Set down all of the data that follows word for word, without the images.

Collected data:
=== Section Start ===

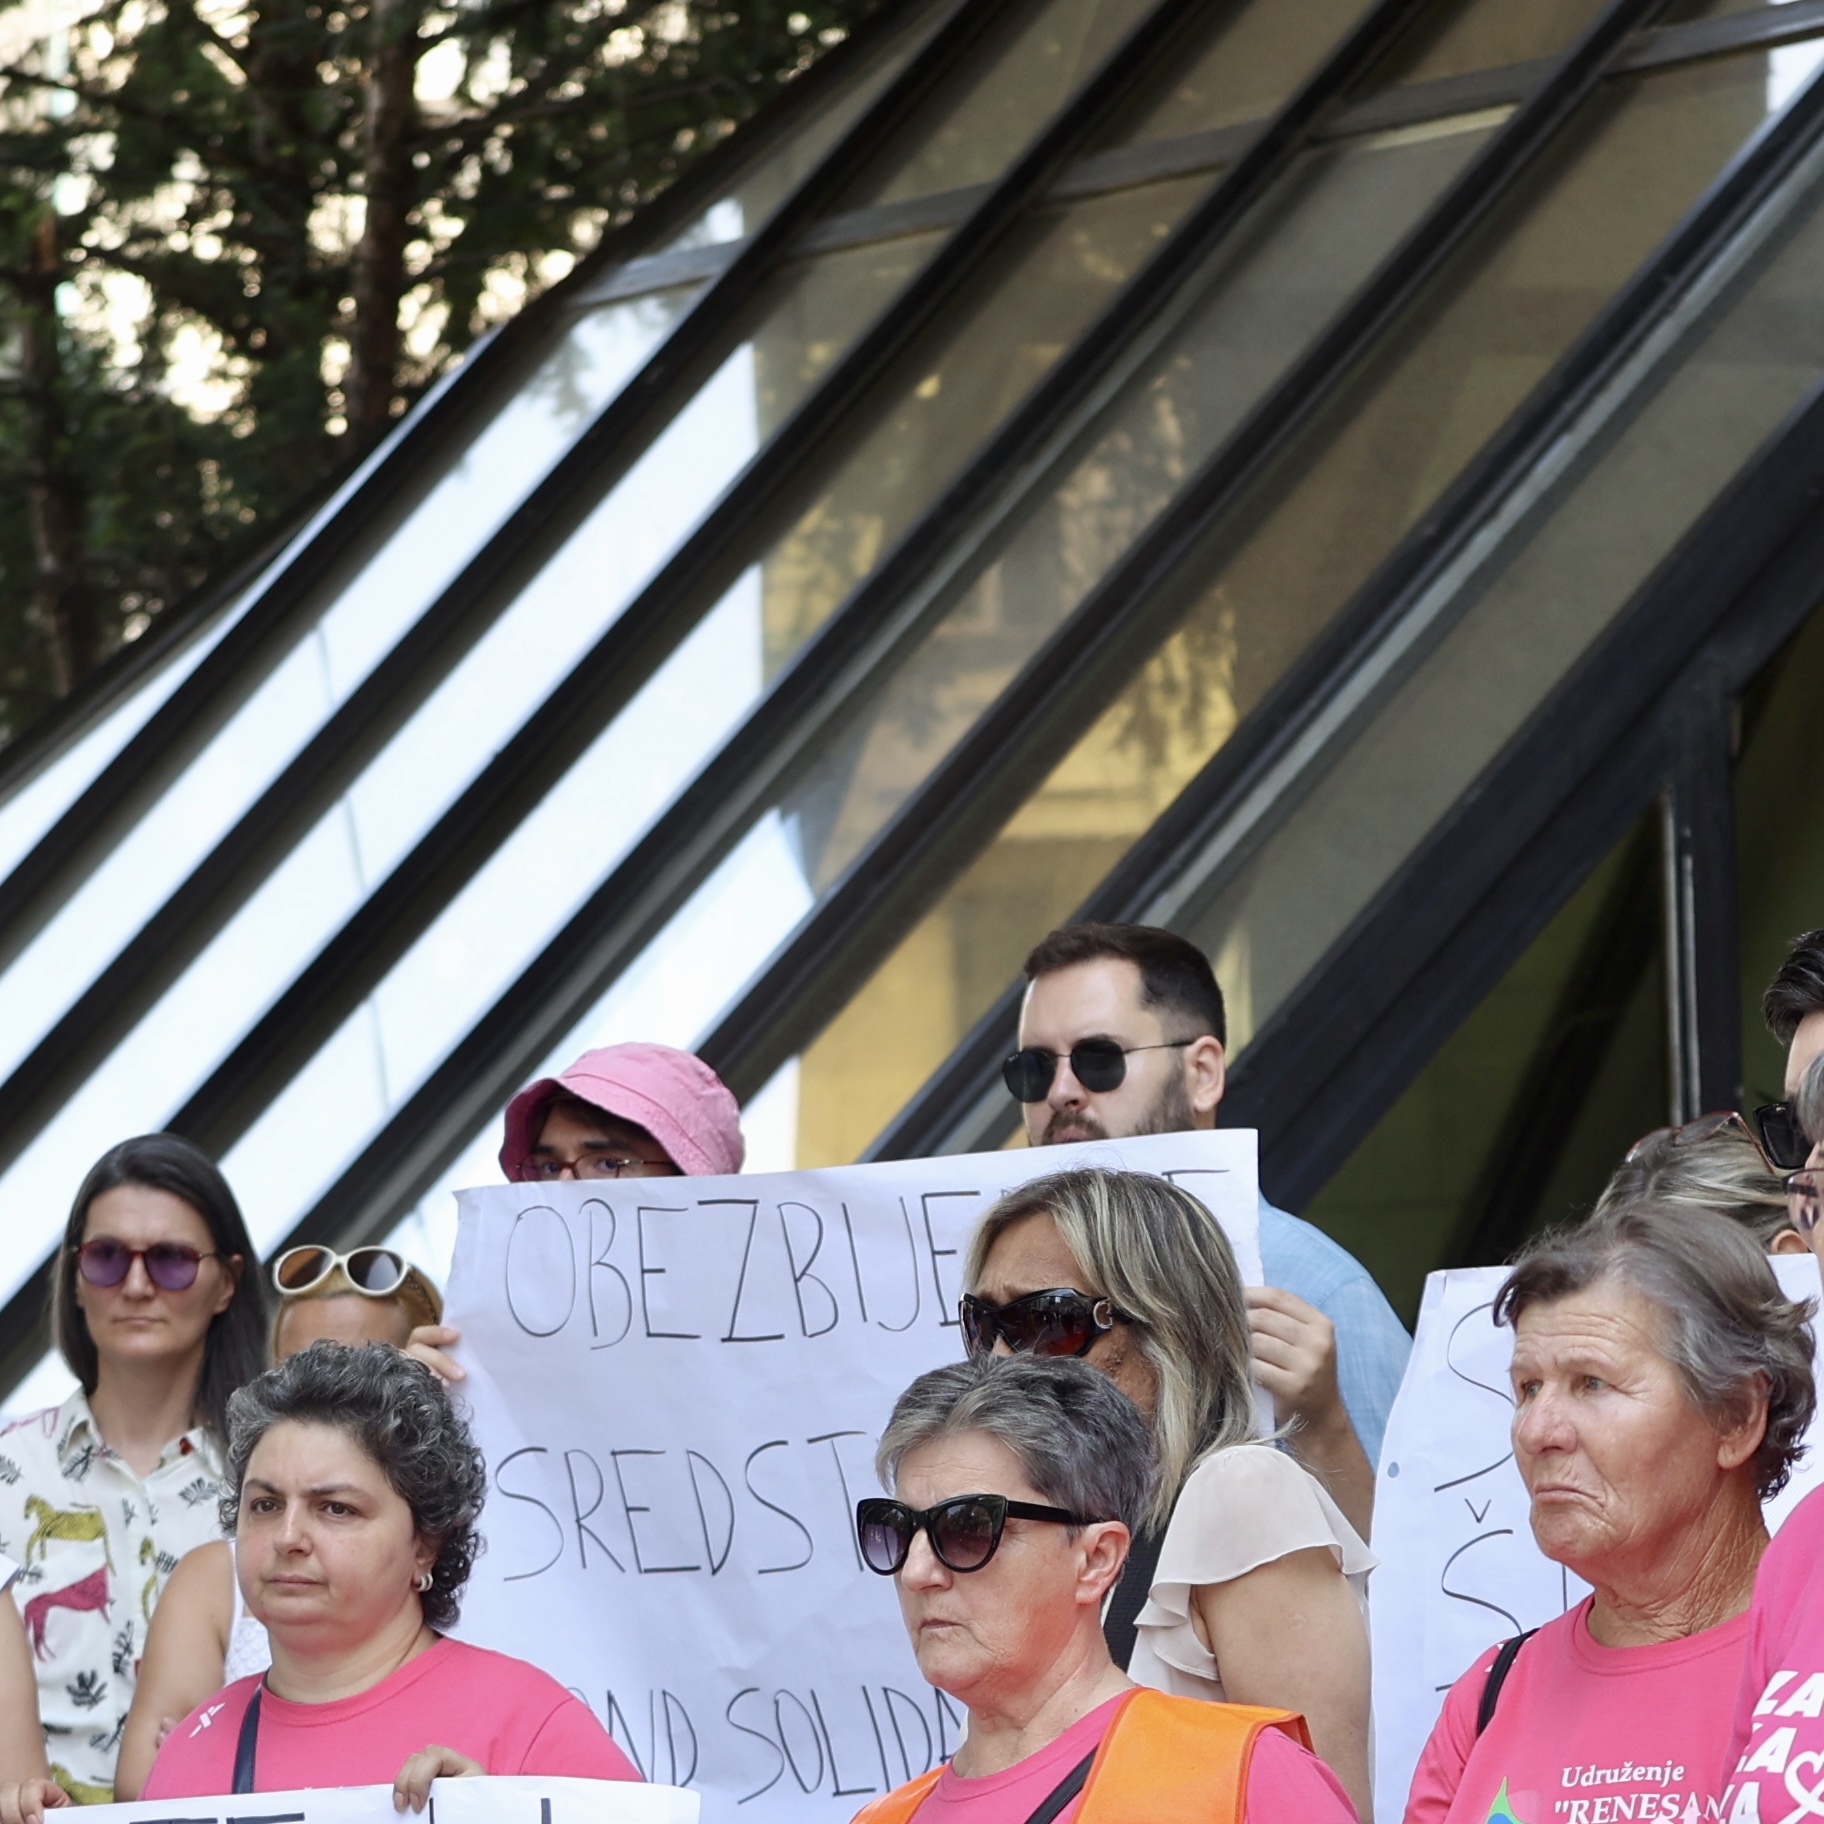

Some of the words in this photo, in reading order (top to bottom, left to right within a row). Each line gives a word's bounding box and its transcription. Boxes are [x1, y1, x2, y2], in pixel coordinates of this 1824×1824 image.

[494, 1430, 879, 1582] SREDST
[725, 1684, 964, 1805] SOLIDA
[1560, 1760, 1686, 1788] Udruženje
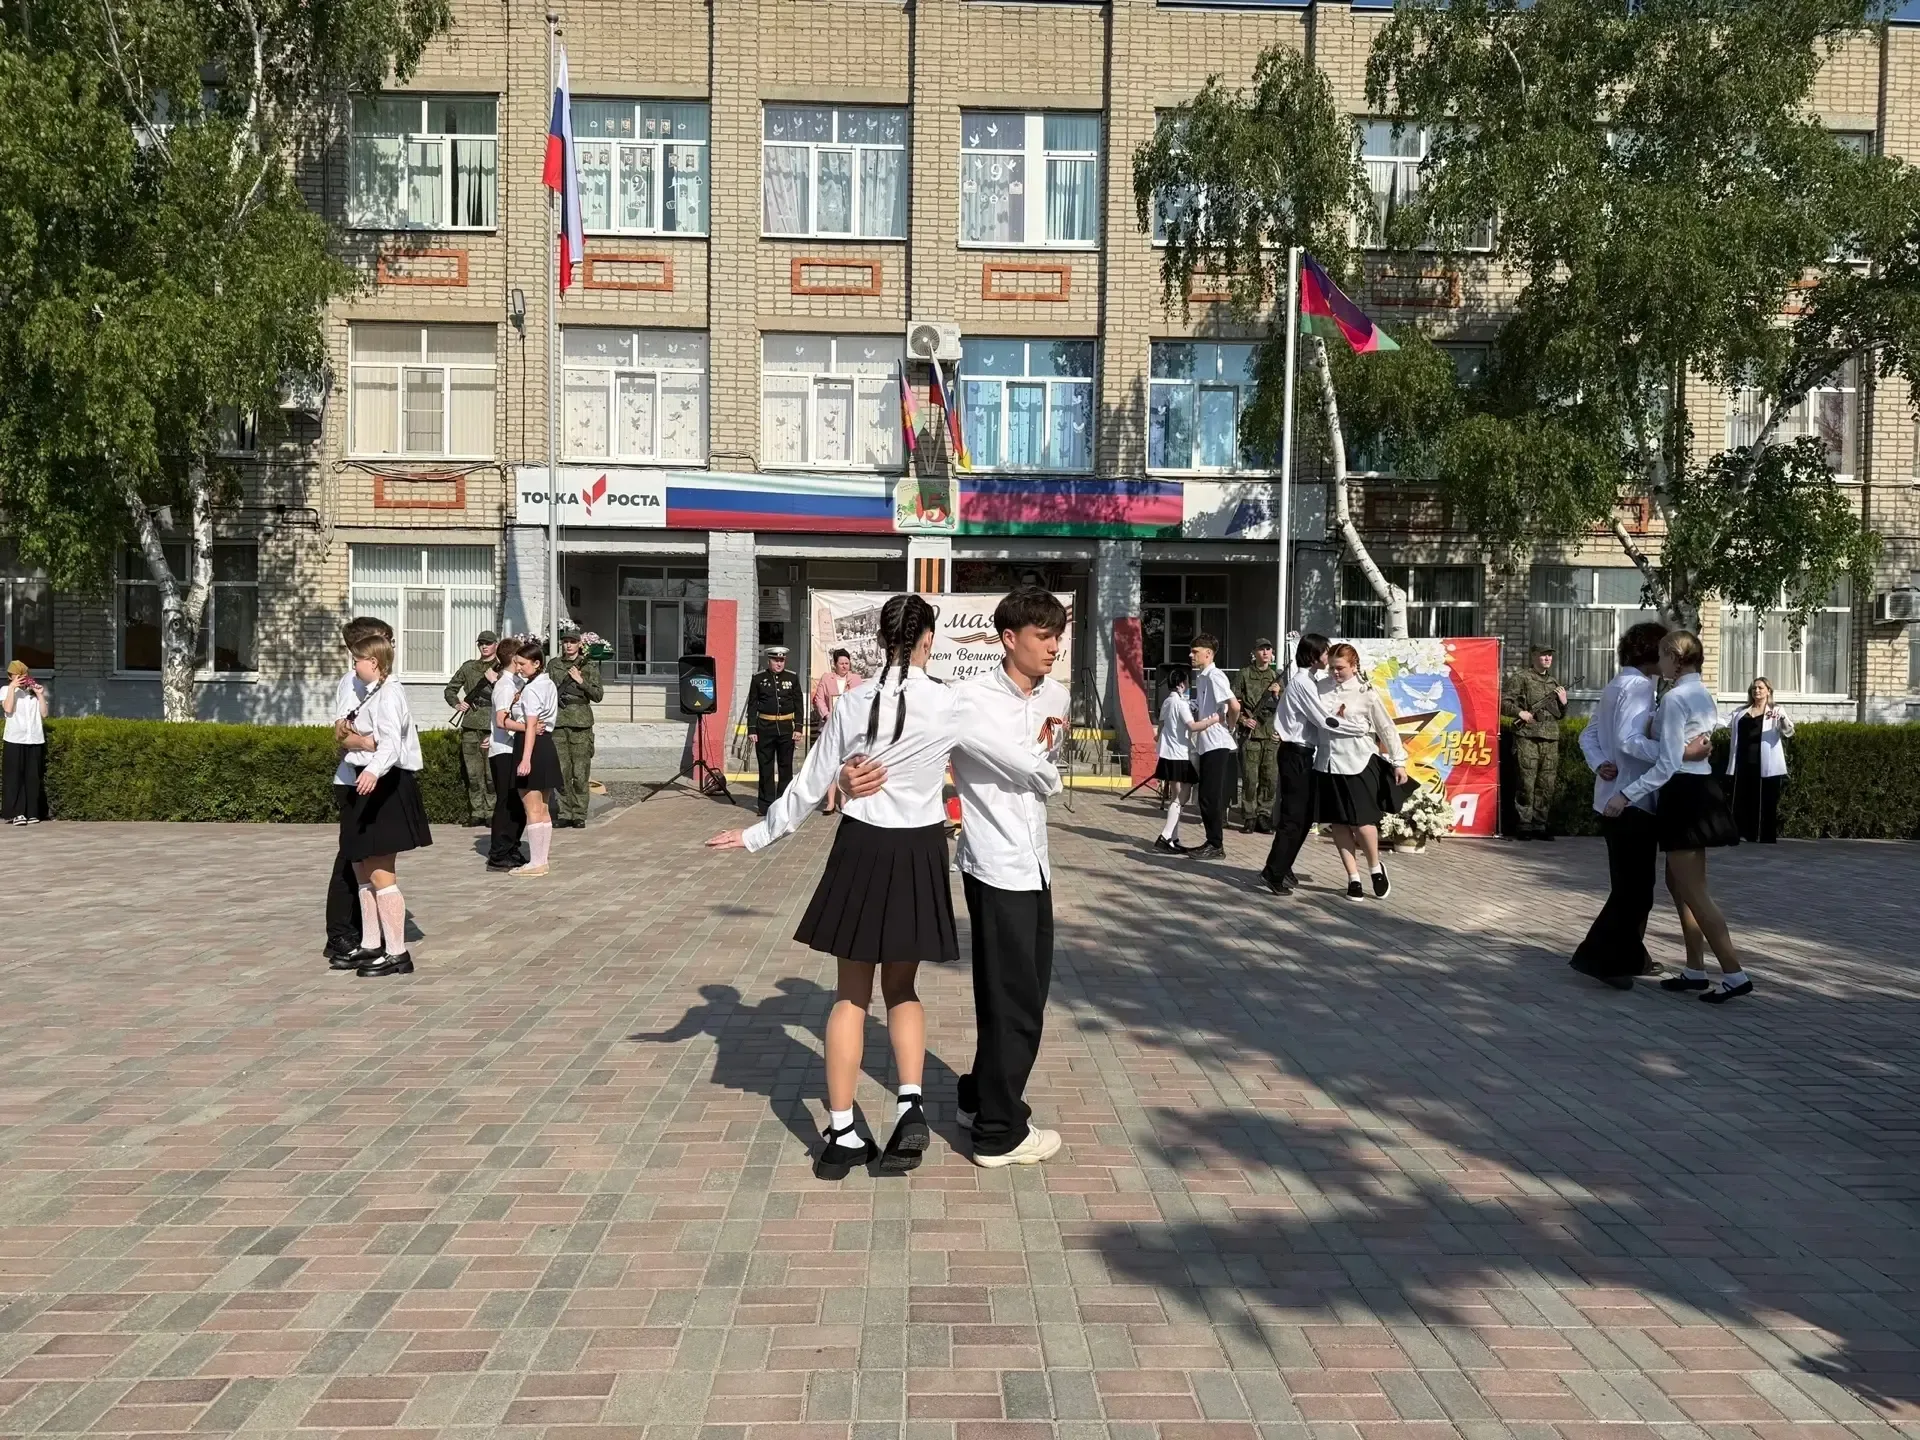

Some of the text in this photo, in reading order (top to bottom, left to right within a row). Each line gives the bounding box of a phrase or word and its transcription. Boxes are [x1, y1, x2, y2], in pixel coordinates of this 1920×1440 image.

=== Section End ===

# [Written response]
Some of the words in this photo, in reading order (top to bottom, left to right within a row). Each line gives a word's bounding box and its transcription. Boxes are [x1, y1, x2, y2], in pixel coordinates of this 1824×1824 image.

[494, 1430, 879, 1582] SREDST
[725, 1684, 964, 1805] SOLIDA
[1560, 1760, 1686, 1788] Udruženje

Some of the text in this photo, in reading order (top to bottom, left to right within a row). Each line gives the bounding box of a phrase or word and its transcription. Boxes are [x1, y1, x2, y2], in pixel coordinates of this 1920×1440 image.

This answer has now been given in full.